Items listed in a dataset:
^^^^

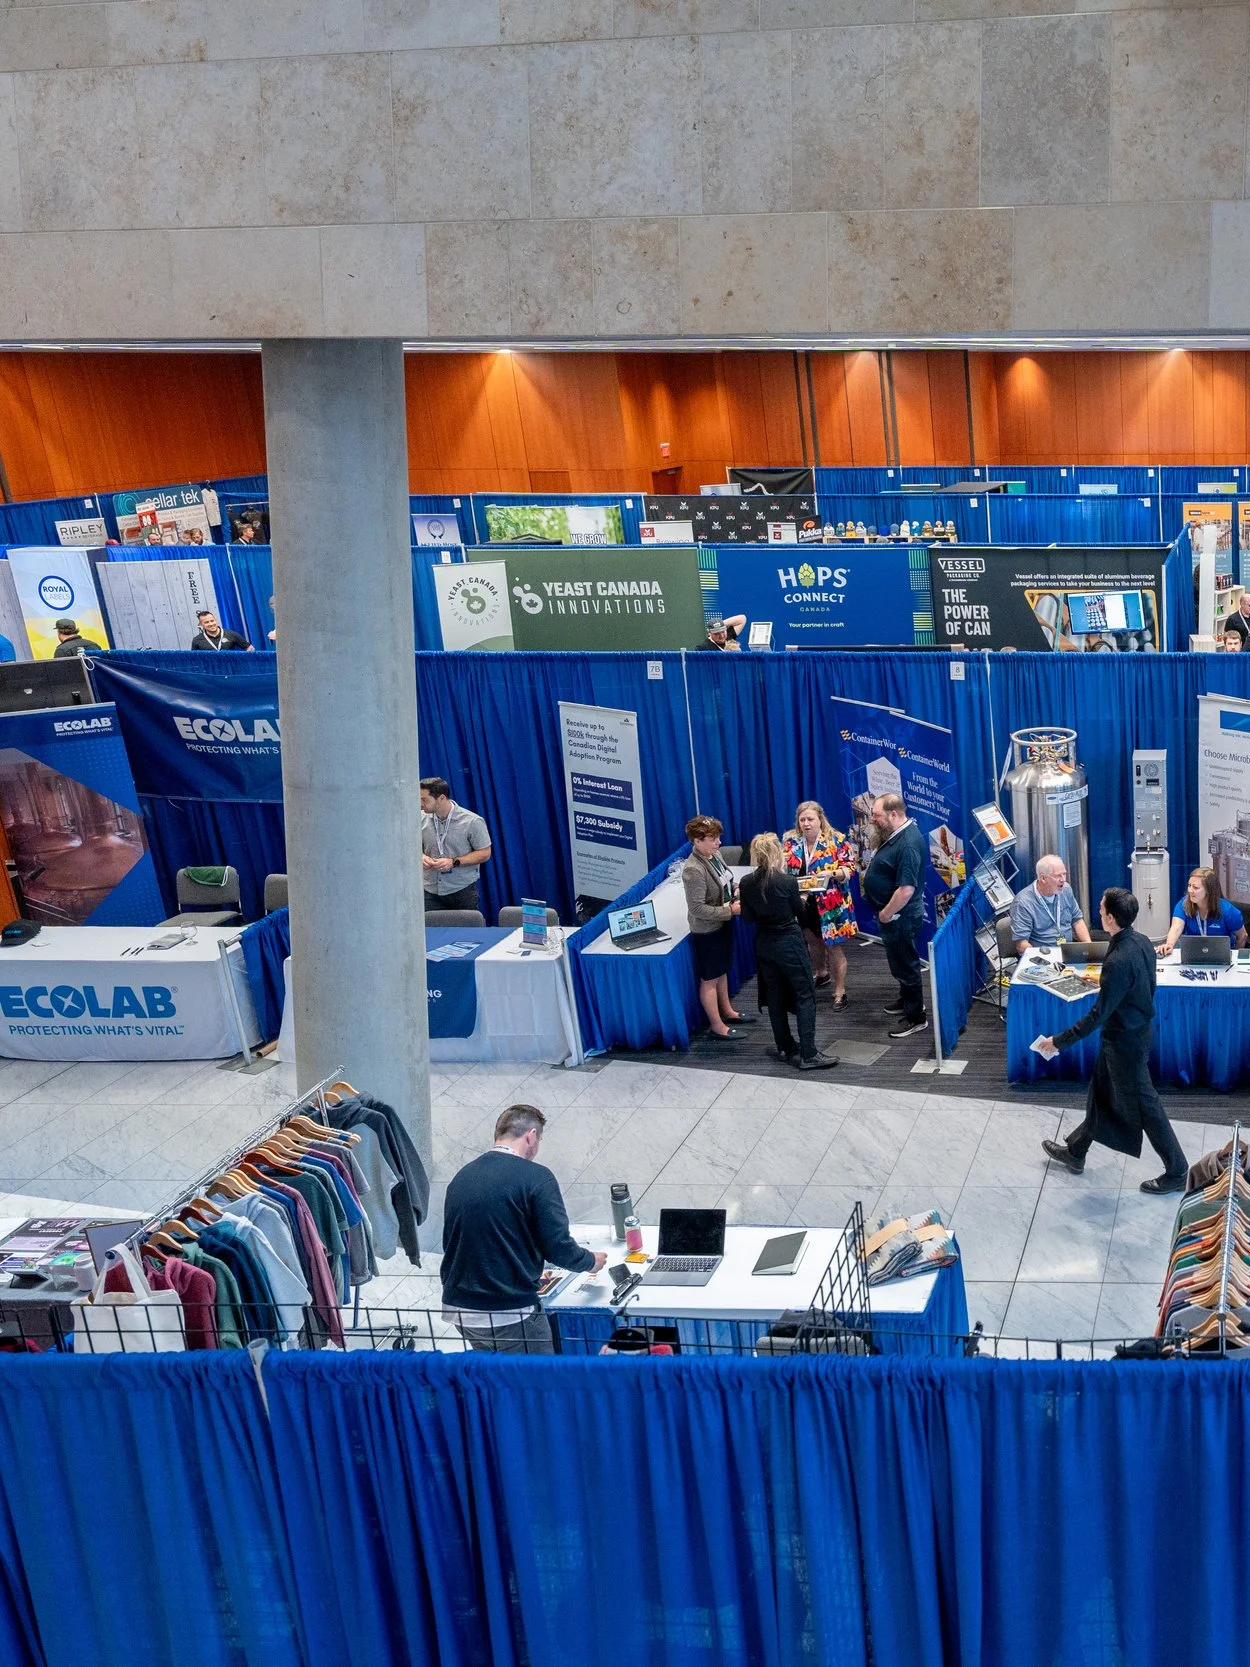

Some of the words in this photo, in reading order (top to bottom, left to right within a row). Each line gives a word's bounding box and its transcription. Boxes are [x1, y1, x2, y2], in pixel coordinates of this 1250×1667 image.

[181, 489, 200, 504] tek
[60, 524, 103, 536] RIPLEY
[798, 526, 822, 539] Pukka
[570, 533, 584, 544] WE
[584, 533, 608, 544] GROW
[939, 560, 982, 570] VESSEL
[188, 572, 200, 604] FREE
[448, 579, 465, 601] YEAST
[469, 577, 498, 596] CANADA
[542, 582, 592, 597] YEAST
[596, 580, 662, 596] CANADA
[784, 592, 845, 604] CONNECT
[942, 589, 968, 603] THE
[548, 599, 665, 614] INNOVATIONS
[944, 605, 990, 619] POWER
[946, 622, 961, 636] OF
[965, 622, 991, 636] CAN
[54, 717, 112, 732] ECOLAB
[173, 716, 280, 742] ECOLA
[566, 718, 588, 728] Receive
[567, 729, 584, 739] $100k
[585, 732, 608, 743] through
[609, 734, 618, 743] the
[852, 732, 896, 750] ContainerWor
[185, 743, 241, 754] PROTECTING
[568, 740, 596, 750] Canadian
[597, 744, 617, 754] Digital
[569, 750, 595, 760] Adoption
[596, 755, 622, 764] Program
[907, 750, 950, 772] ContainerWorld
[1204, 749, 1227, 760] Choose
[573, 776, 582, 785] 0%
[583, 778, 606, 789] Interest
[608, 783, 622, 792] Loan
[912, 772, 929, 784] From
[929, 777, 938, 788] the
[907, 781, 925, 794] World
[926, 787, 932, 796] to
[932, 791, 945, 802] your
[904, 791, 936, 809] Customers'
[936, 804, 950, 816] Door
[576, 815, 597, 826] $7,300
[598, 820, 623, 832] Subsidy
[9, 1025, 92, 1036] PROTECTING
[94, 1025, 143, 1036] WHAT'S
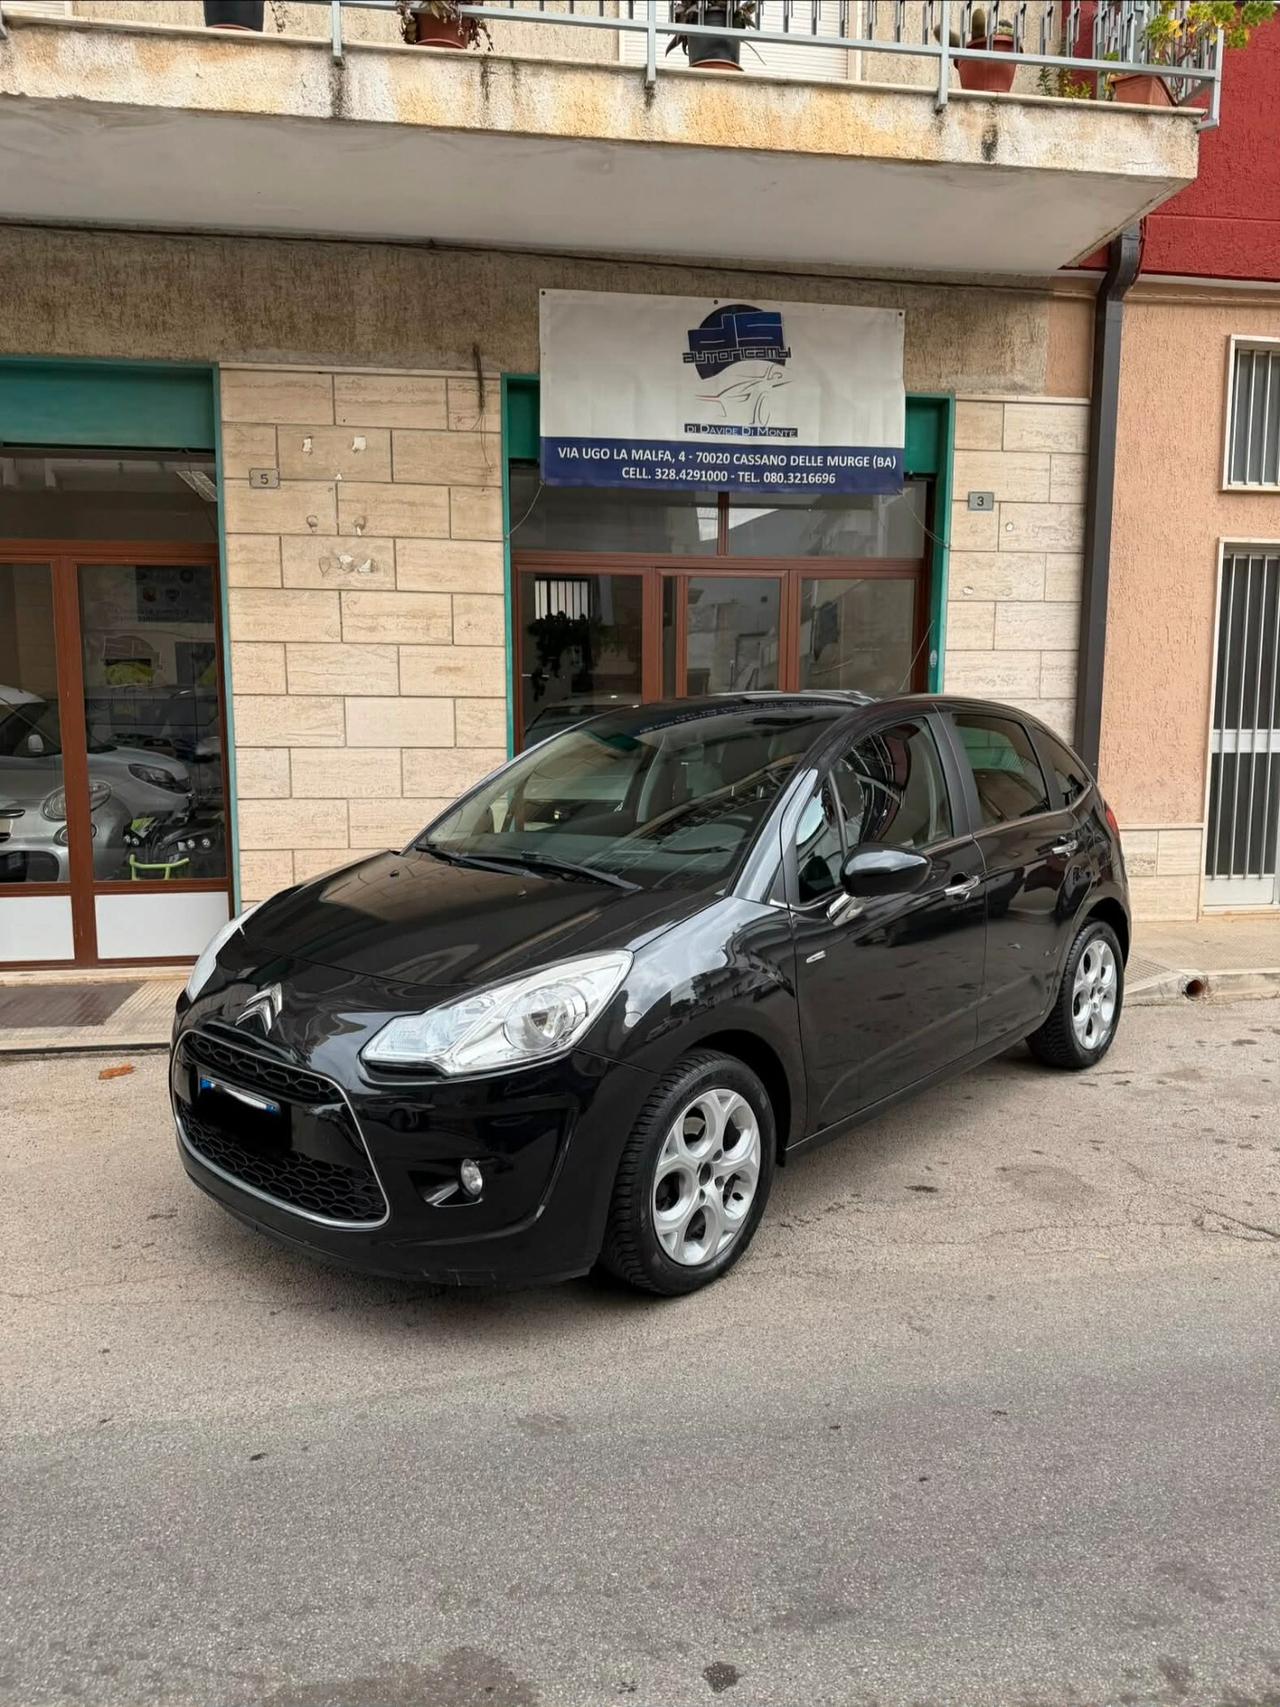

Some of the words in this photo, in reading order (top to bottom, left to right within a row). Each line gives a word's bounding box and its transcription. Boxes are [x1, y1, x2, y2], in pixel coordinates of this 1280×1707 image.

^^^^

**YOUR ASSIGNMENT**
Leaving pictures aside, write out each record above exactly as given.

**SOLUTION FOR THIS EXERCISE**
Some of the words in this photo, in reading order (top to bottom, left to right within a row). Each line gives a word's bounding box and its transcription. Boxes are [x1, y1, x2, y2], in pixel coordinates of this 1250×1667 image.

[181, 489, 200, 504] tek
[60, 524, 103, 536] RIPLEY
[798, 526, 822, 539] Pukka
[570, 533, 584, 544] WE
[584, 533, 608, 544] GROW
[939, 560, 982, 570] VESSEL
[188, 572, 200, 604] FREE
[448, 579, 465, 601] YEAST
[469, 577, 498, 596] CANADA
[542, 582, 592, 597] YEAST
[596, 580, 662, 596] CANADA
[784, 592, 845, 604] CONNECT
[942, 589, 968, 603] THE
[548, 599, 665, 614] INNOVATIONS
[944, 605, 990, 619] POWER
[946, 622, 961, 636] OF
[965, 622, 991, 636] CAN
[54, 717, 112, 732] ECOLAB
[173, 716, 280, 742] ECOLA
[566, 718, 588, 728] Receive
[567, 729, 584, 739] $100k
[585, 732, 608, 743] through
[609, 734, 618, 743] the
[852, 732, 896, 750] ContainerWor
[185, 743, 241, 754] PROTECTING
[568, 740, 596, 750] Canadian
[597, 744, 617, 754] Digital
[569, 750, 595, 760] Adoption
[596, 755, 622, 764] Program
[907, 750, 950, 772] ContainerWorld
[1204, 749, 1227, 760] Choose
[573, 776, 582, 785] 0%
[583, 778, 606, 789] Interest
[608, 783, 622, 792] Loan
[912, 772, 929, 784] From
[929, 777, 938, 788] the
[907, 781, 925, 794] World
[926, 787, 932, 796] to
[932, 791, 945, 802] your
[904, 791, 936, 809] Customers'
[936, 804, 950, 816] Door
[576, 815, 597, 826] $7,300
[598, 820, 623, 832] Subsidy
[9, 1025, 92, 1036] PROTECTING
[94, 1025, 143, 1036] WHAT'S

Some of the words in this photo, in reading order (top to bottom, left to right within a row). Each line gives a word's bounding box and its transcription. Boxes are [x1, y1, x2, y2], in pixel coordinates of this 1280×1707 image.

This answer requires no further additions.